=== Records excerpted from a collection ===
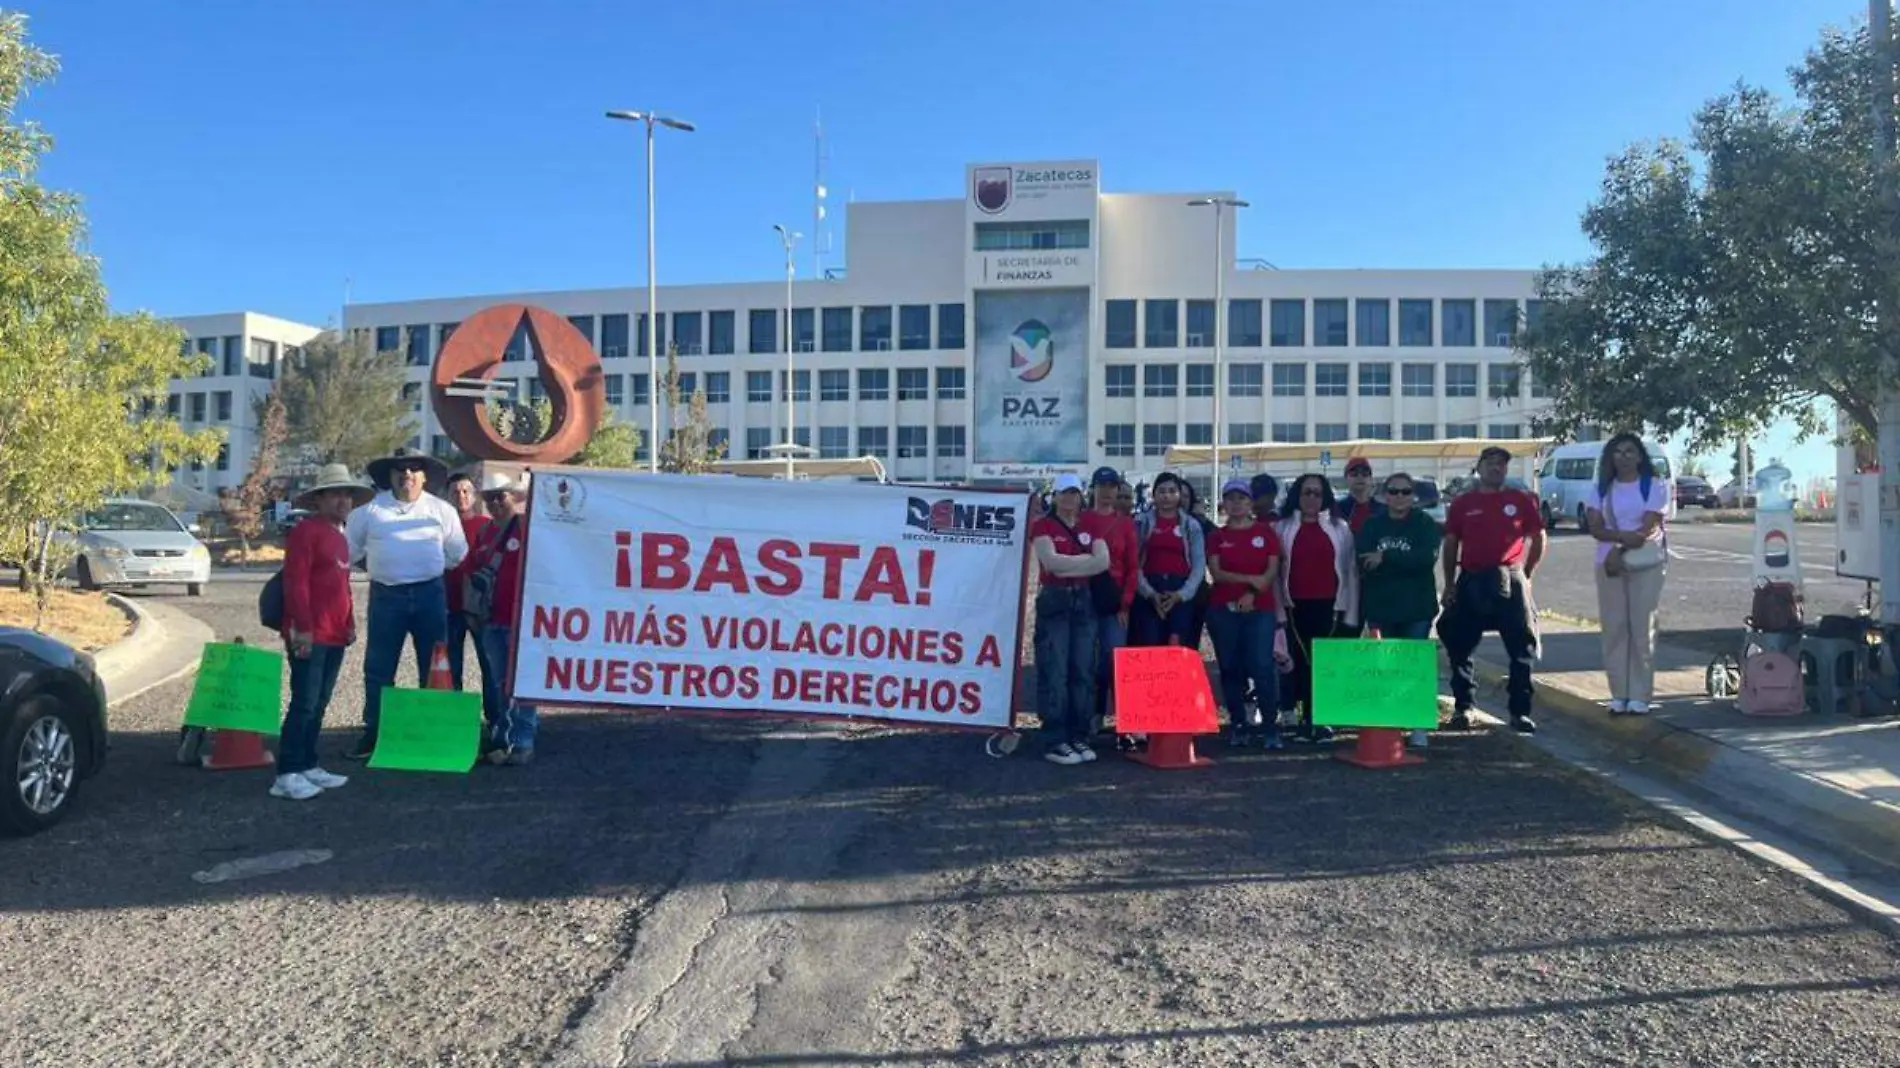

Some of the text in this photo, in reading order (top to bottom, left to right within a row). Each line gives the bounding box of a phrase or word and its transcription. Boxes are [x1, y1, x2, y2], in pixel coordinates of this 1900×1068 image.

[1016, 169, 1091, 182] Zacatecas
[1064, 255, 1080, 266] DE
[996, 270, 1053, 280] FINANZAS
[1002, 397, 1060, 418] PAZ
[613, 530, 936, 606] ¡BASTA!
[532, 604, 1003, 668] NO MÁS VIOLACIONES A
[545, 656, 982, 715] NUESTROS DERECHOS
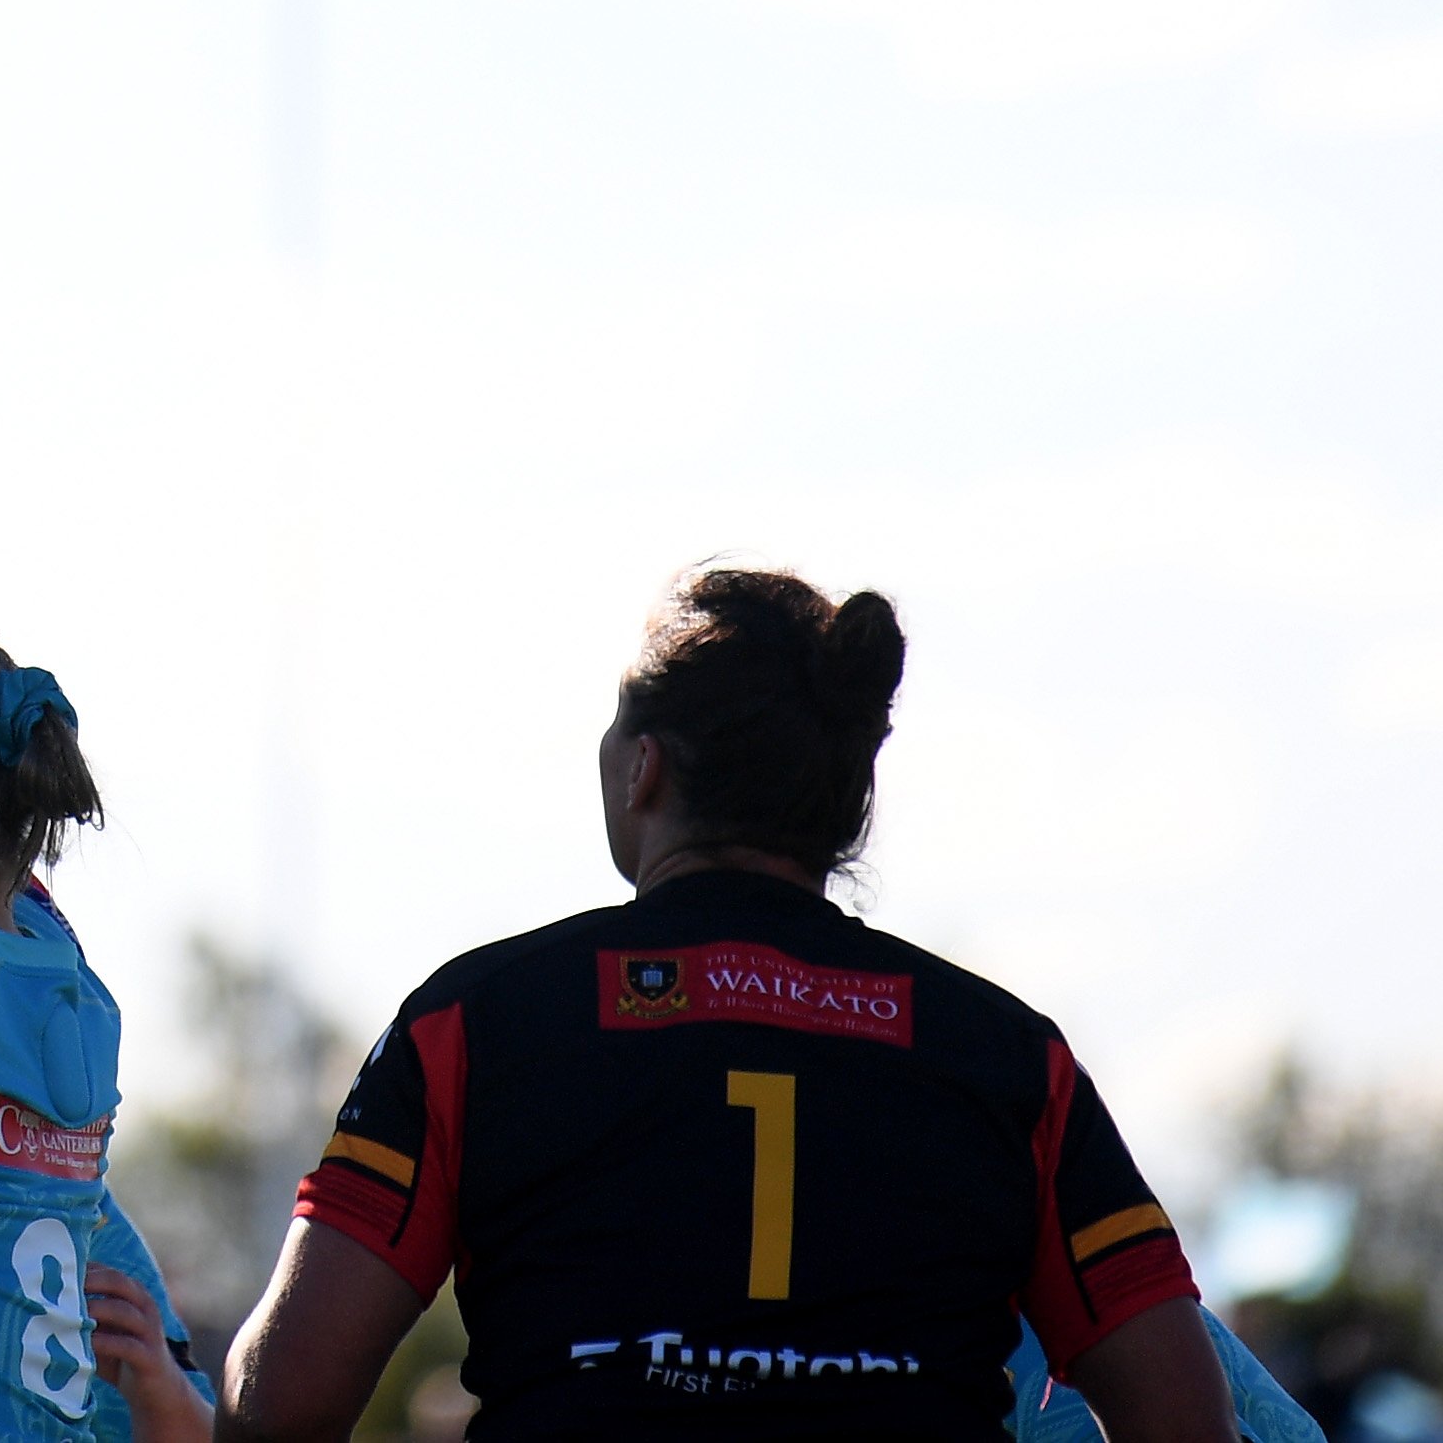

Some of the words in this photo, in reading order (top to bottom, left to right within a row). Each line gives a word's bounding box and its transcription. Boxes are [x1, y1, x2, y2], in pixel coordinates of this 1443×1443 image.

[704, 968, 899, 1022] WAIKATO
[727, 1069, 796, 1300] 1
[12, 1217, 92, 1420] 8

=== AIM OF THE EXERCISE ===
An exact copy of each entry is required, minus the pictures.

=== ANSWER TO THE PROBLEM ===
Some of the text in this photo, in reading order (top to bottom, left to right within a row). Each line gives the bounding box of a phrase or word and its transcription. Boxes are [x1, y1, x2, y2], in pixel coordinates of this 1900×1068 image.

[1016, 169, 1091, 182] Zacatecas
[1064, 255, 1080, 266] DE
[996, 270, 1053, 280] FINANZAS
[1002, 397, 1060, 418] PAZ
[613, 530, 936, 606] ¡BASTA!
[532, 604, 1003, 668] NO MÁS VIOLACIONES A
[545, 656, 982, 715] NUESTROS DERECHOS

Some of the words in this photo, in reading order (top to bottom, left to right within a row). Each line gives a word's bounding box and its transcription. Boxes are [x1, y1, x2, y2], in pixel coordinates of this 1443×1443 image.

[704, 968, 899, 1022] WAIKATO
[727, 1069, 796, 1300] 1
[12, 1217, 92, 1420] 8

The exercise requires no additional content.